## Work required
Please retype the listing below exactly as it stands, skipping any pictures.

## Given data
■ ■ ■ ■ ■

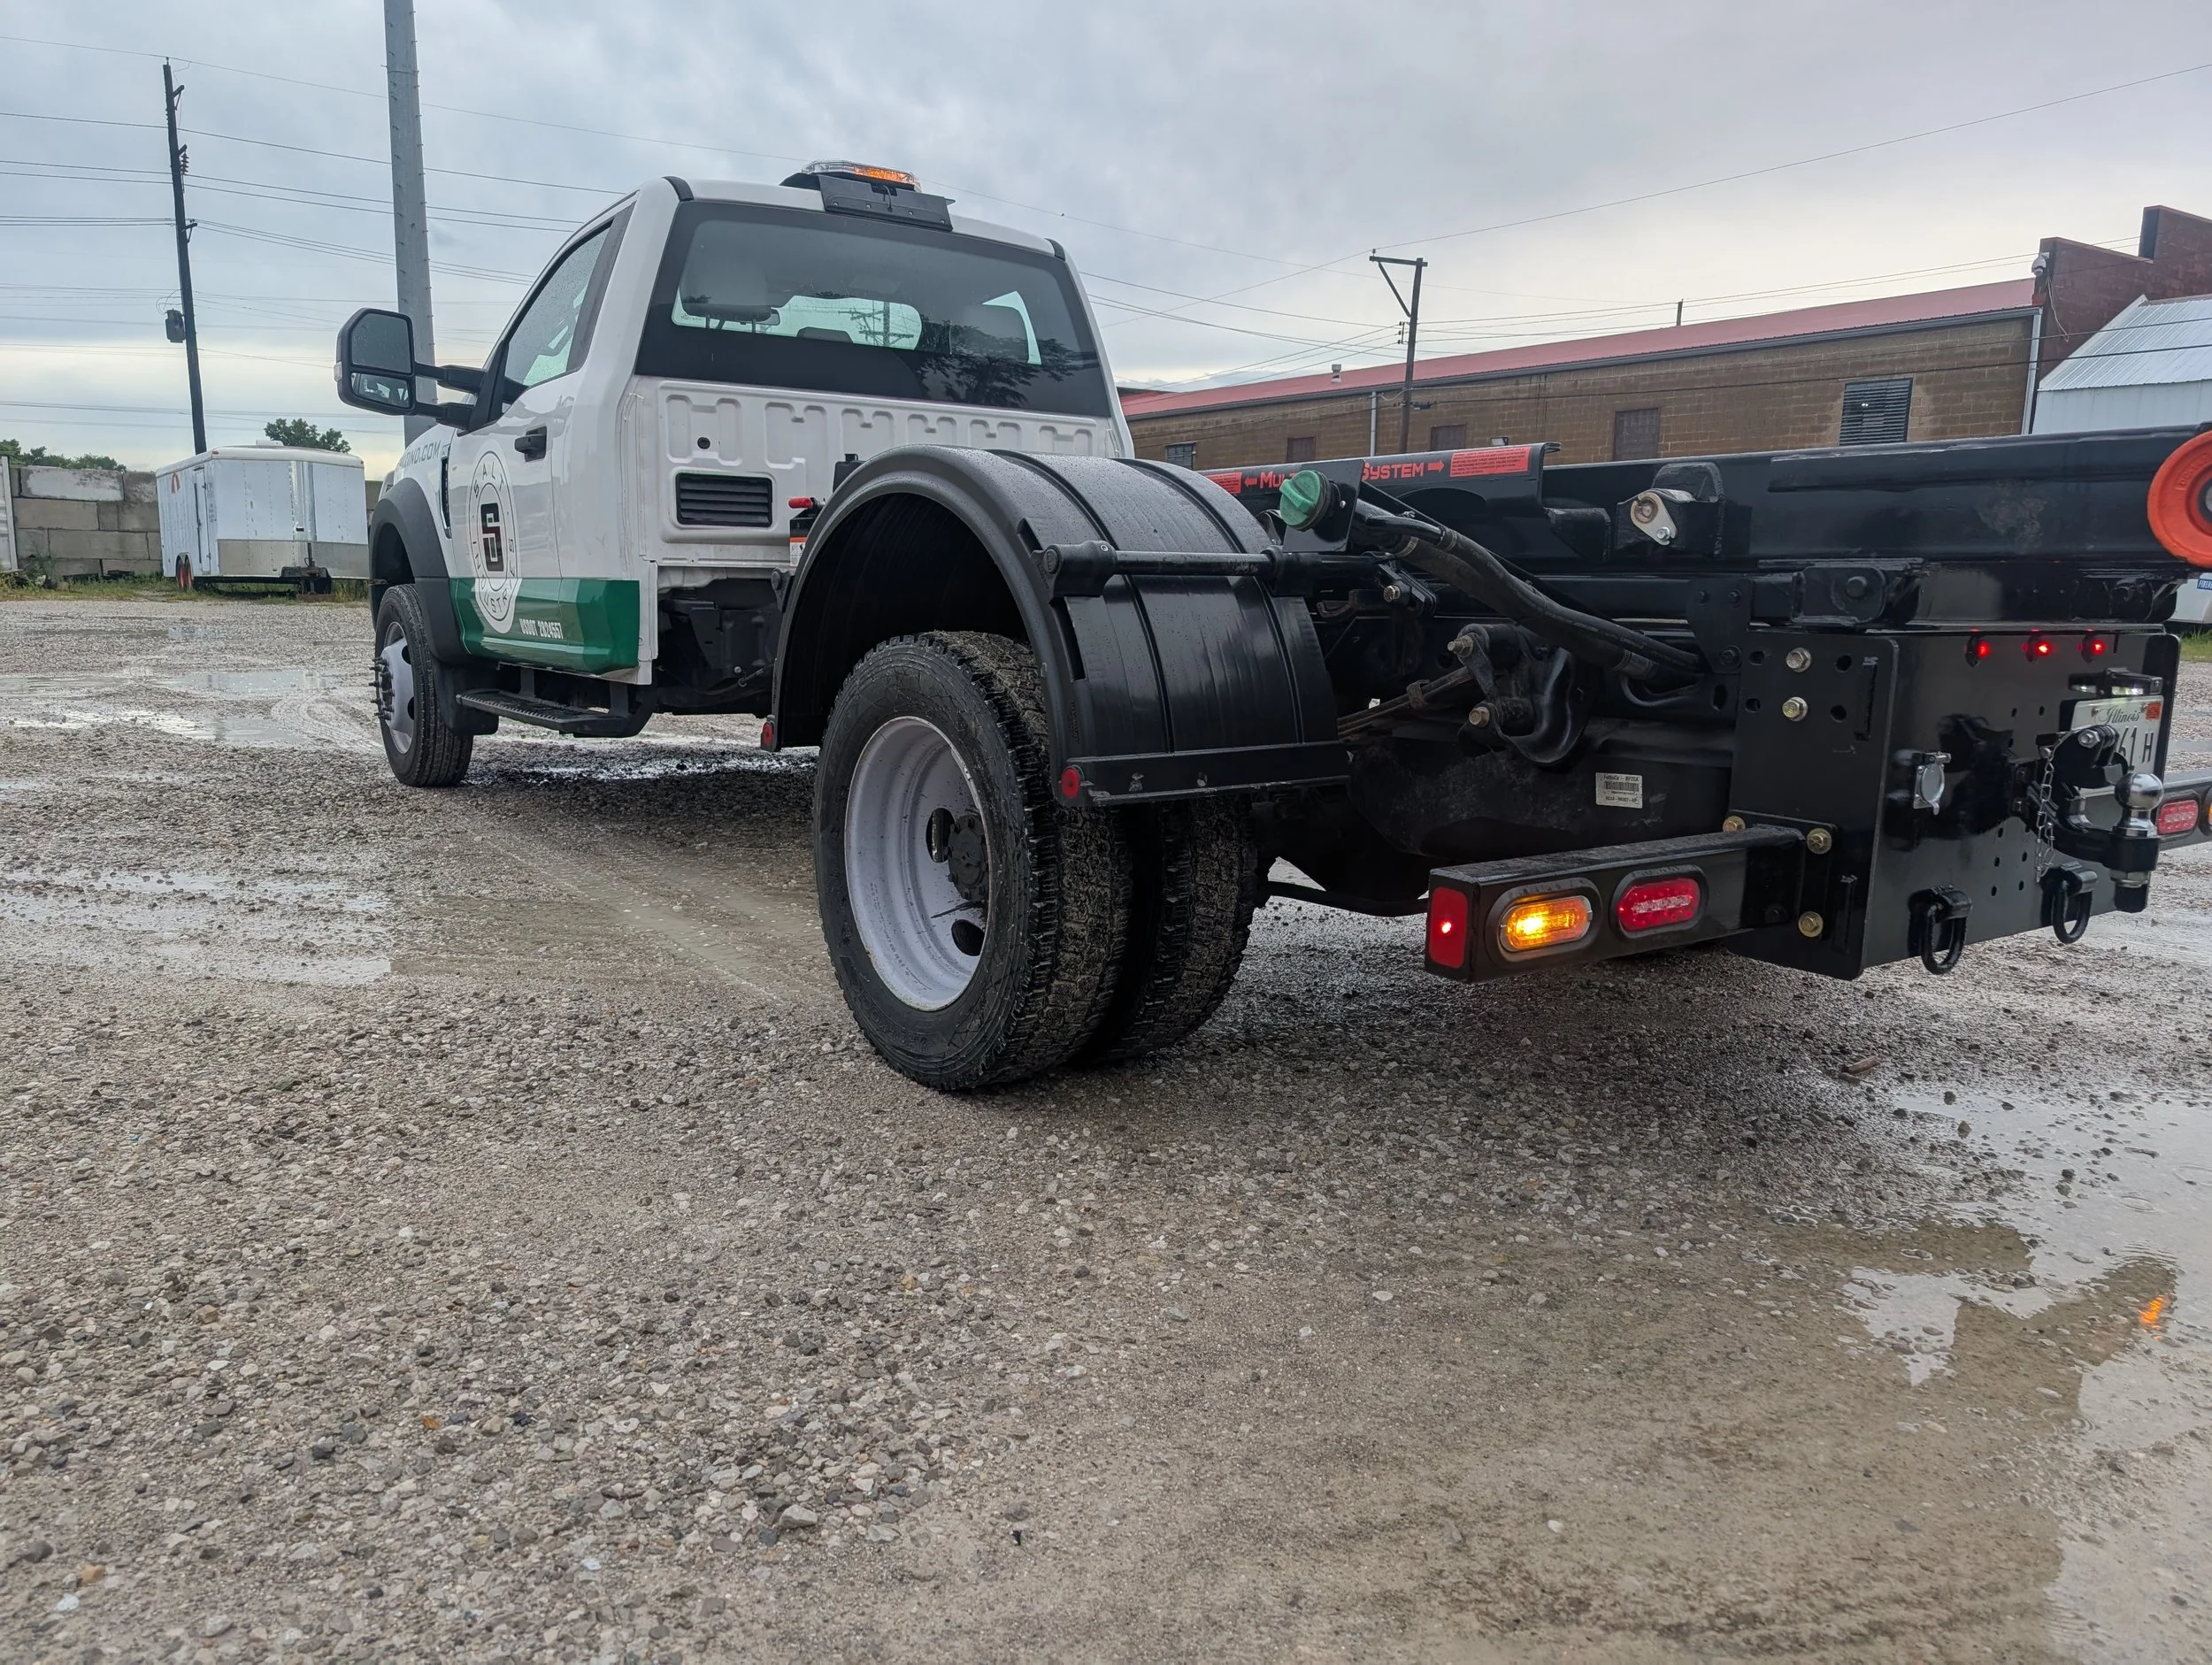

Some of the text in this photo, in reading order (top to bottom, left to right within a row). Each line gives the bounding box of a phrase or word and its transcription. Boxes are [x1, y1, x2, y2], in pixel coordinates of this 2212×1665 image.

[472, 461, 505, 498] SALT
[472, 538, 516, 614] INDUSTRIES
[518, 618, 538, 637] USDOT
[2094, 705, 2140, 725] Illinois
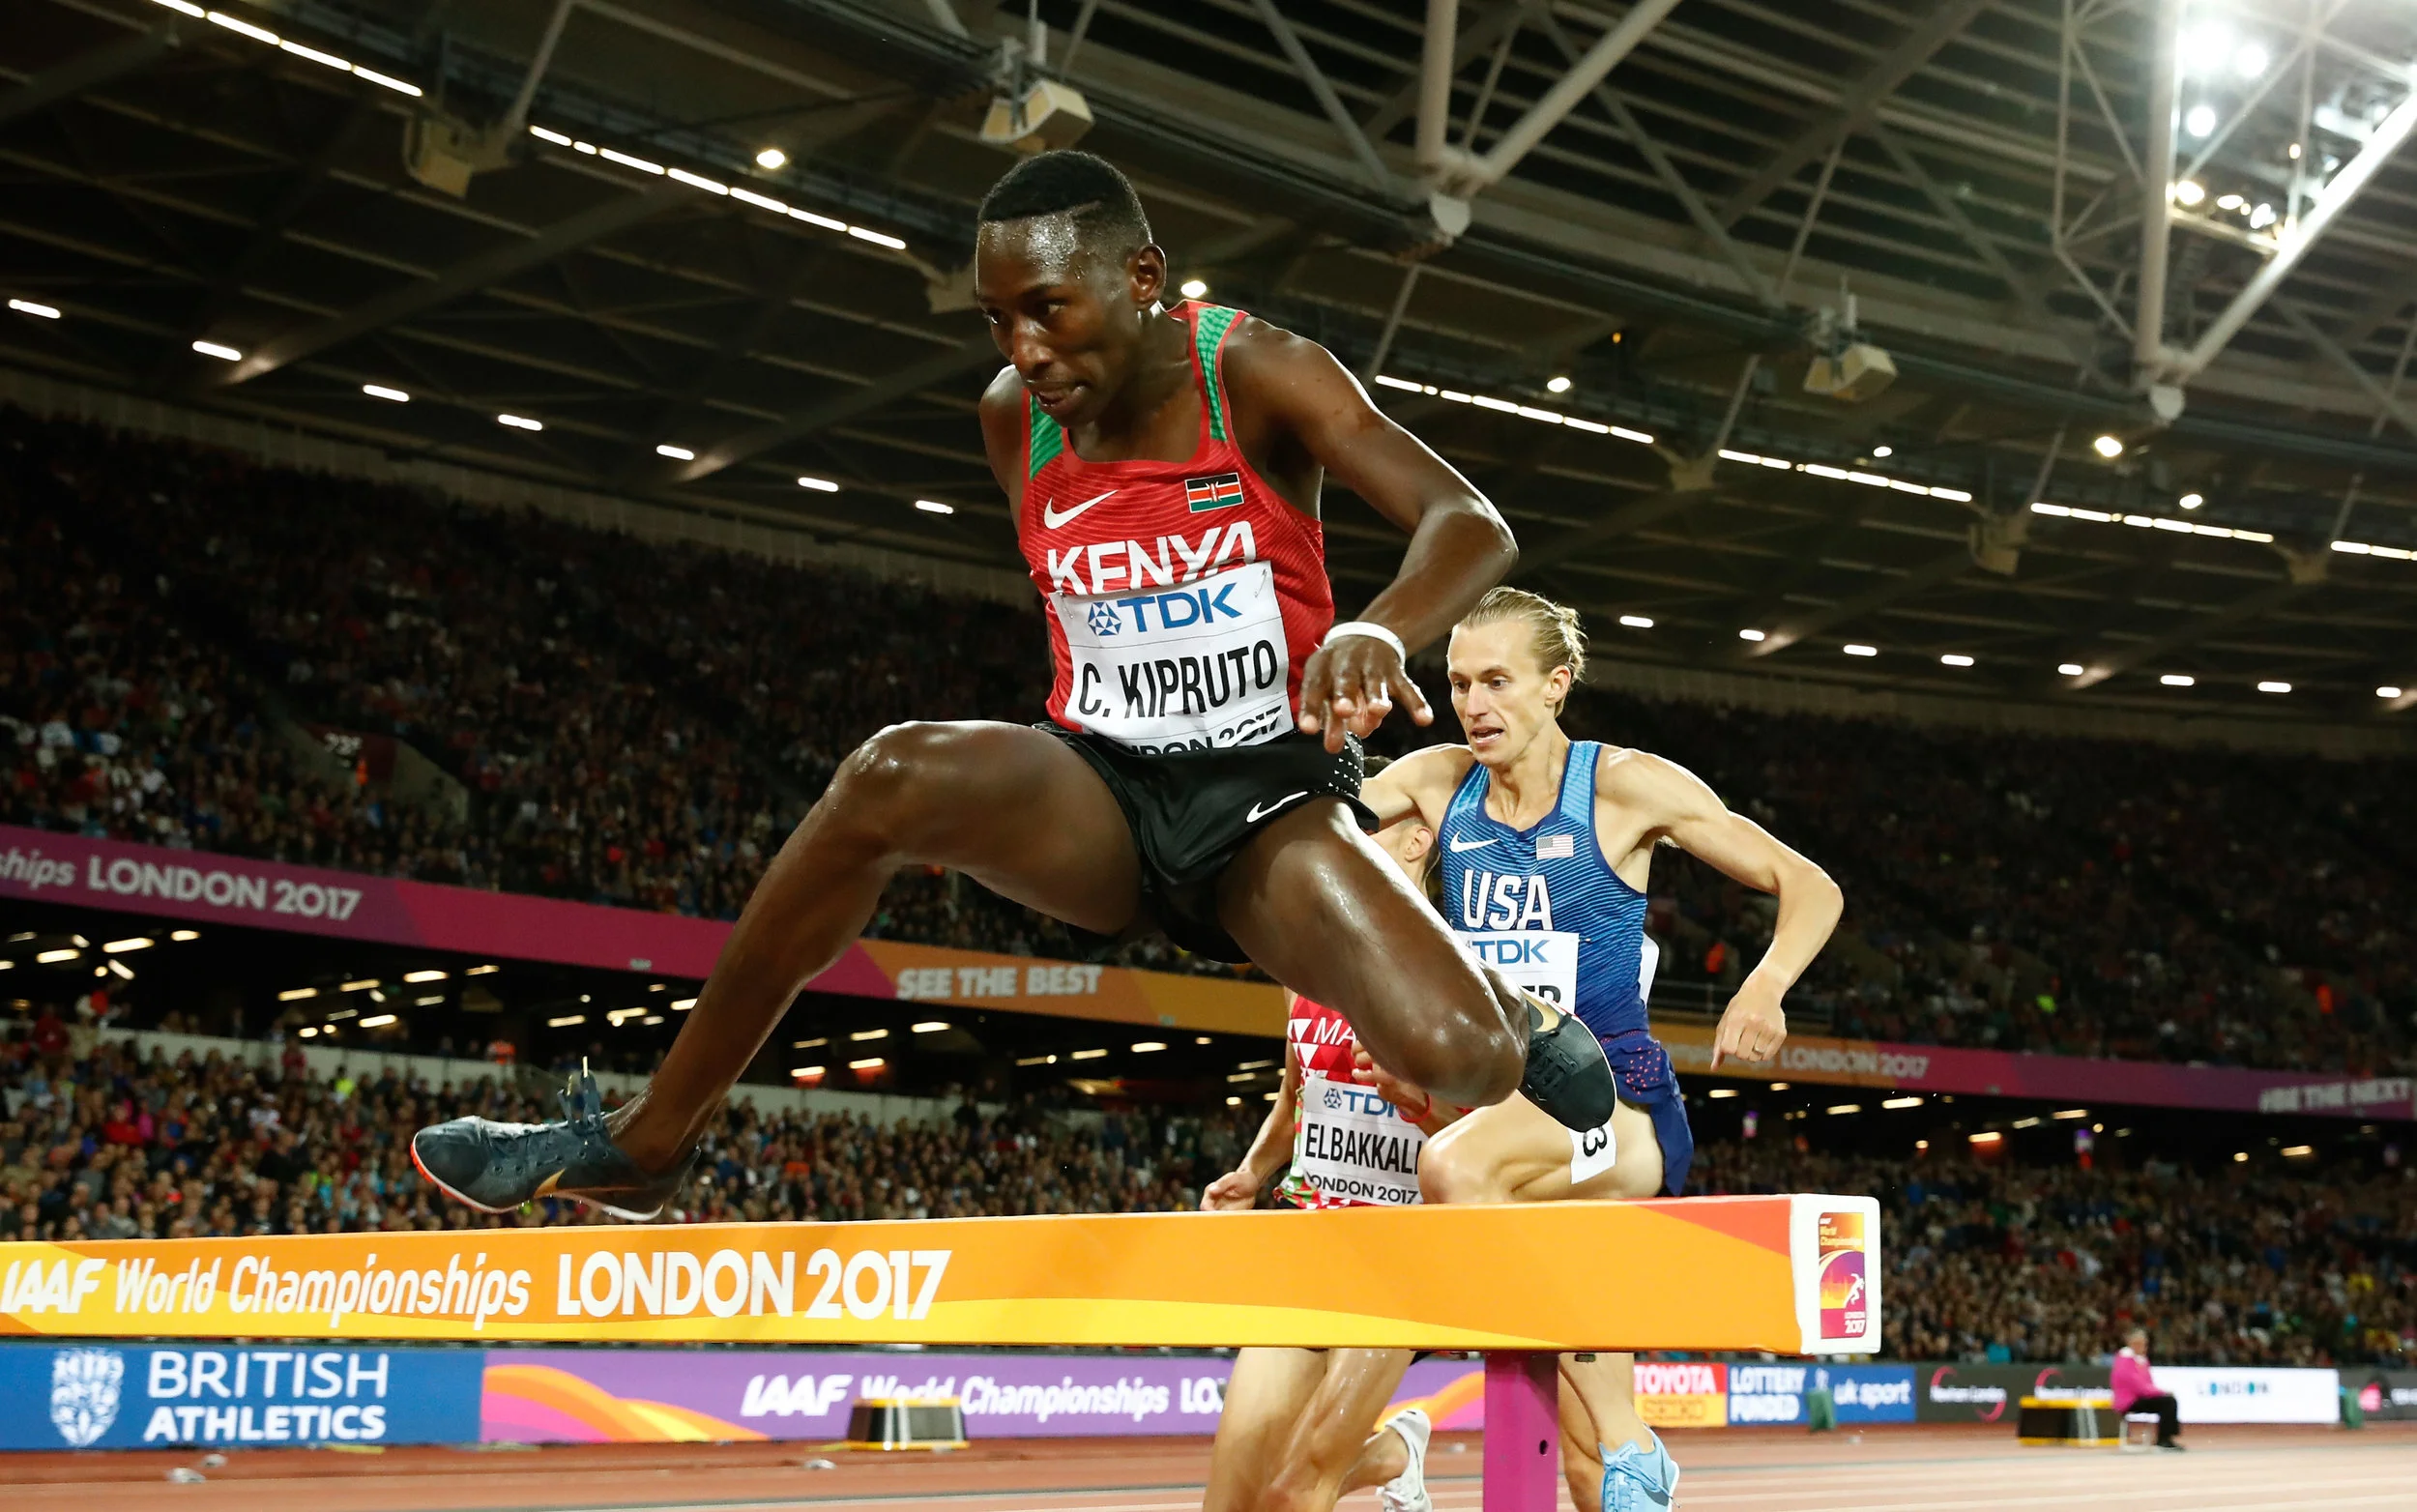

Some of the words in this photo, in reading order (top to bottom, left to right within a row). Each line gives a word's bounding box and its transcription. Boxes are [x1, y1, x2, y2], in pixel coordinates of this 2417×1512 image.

■ ■ ■ ■ ■

## Exercise result
Some of the text in this photo, in reading order (top to bottom, left to right within a row). Each line gives the bounding box of a phrase or word and its transcription. Boxes are [x1, y1, x2, y2], in pixel coordinates of this 2212×1665 image.

[472, 461, 505, 498] SALT
[472, 538, 516, 614] INDUSTRIES
[518, 618, 538, 637] USDOT
[2094, 705, 2140, 725] Illinois

Some of the words in this photo, in reading order (top to bottom, left to right within a row). Each line gives a word's bounding box and its transcription. Boxes are [x1, y1, x2, y2], in pixel coordinates of this 2417×1512 image.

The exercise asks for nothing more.